Proton-pump inhibitors (PPIs), H(2) receptor antagonists (H(2)RAs) and antacids/alginates reduce intragastric acidity and may thus influence normal gastric physiology. The purpose of this study was to examine the effect of these compounds on serum levels of amidated gastrin-17 (G-17) and pepsinogens (PGI & PGII) in a large, random, adult Swedish population sample with uninfected stomach mucosa. The initial sample subjects (n=1000, mean age 50 years, range 20-80 years) completed a questionnaire on the use of acid inhibitory drugs 1 week and/or 3 months before study entry. All subjects (n=590) with normal gastric mucosa as delineated by serum biomarkers were included.
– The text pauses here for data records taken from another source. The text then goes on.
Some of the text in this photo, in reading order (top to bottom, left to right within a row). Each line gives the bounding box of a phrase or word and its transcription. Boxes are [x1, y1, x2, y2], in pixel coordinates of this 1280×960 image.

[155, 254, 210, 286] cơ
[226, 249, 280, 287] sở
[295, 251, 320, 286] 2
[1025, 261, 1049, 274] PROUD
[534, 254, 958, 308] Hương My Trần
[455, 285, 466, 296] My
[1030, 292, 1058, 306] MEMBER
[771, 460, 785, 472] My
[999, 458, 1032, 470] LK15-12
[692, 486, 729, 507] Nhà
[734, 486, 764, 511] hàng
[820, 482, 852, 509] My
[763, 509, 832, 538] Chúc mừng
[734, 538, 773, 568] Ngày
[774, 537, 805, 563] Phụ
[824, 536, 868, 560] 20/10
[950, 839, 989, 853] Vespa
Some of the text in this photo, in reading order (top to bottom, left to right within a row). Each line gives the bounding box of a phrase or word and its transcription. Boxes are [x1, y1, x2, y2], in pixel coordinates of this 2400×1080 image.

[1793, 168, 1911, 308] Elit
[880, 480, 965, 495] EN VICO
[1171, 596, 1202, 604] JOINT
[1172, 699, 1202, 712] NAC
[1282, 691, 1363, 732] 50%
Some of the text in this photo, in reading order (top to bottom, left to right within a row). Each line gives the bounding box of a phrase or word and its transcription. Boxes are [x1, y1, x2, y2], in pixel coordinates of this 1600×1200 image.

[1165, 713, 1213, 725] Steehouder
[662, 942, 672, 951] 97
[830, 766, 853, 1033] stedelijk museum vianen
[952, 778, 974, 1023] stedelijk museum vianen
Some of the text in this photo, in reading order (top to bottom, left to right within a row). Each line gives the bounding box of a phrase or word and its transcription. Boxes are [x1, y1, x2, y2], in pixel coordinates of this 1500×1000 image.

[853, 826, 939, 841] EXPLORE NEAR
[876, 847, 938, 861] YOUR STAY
Among them, serum levels of PGI, PGII and G-17 were compared between those who used acid inhibitory drugs and those who did not. The serum levels of G-17 or pepsinogens in the subjects who reported use of H(2)RAs (n=18) or antacid/alginates (n=66) during the previous 3 months did not differ from those in non-users (n=471). However, the median levels of G-17 and pepsinogens were significantly (p<0.001) higher among the PPI users (n=35) than among non-users: the levels were approximately doubled. The ratio of PGI/PGII was, however, similar between PPI users and non-users, or those using antacids/alginates or H(2)RAs. Among subjects using PPIs, the serum levels of pepsinogens correlated positively (p<0.01) with the serum levels of G-17. PPIs but not antacids/alginates or H(2)RAs markedly increase the fasting levels of serum amidated G-17 and pepsinogens among ordinary patients in everyday clinical practice.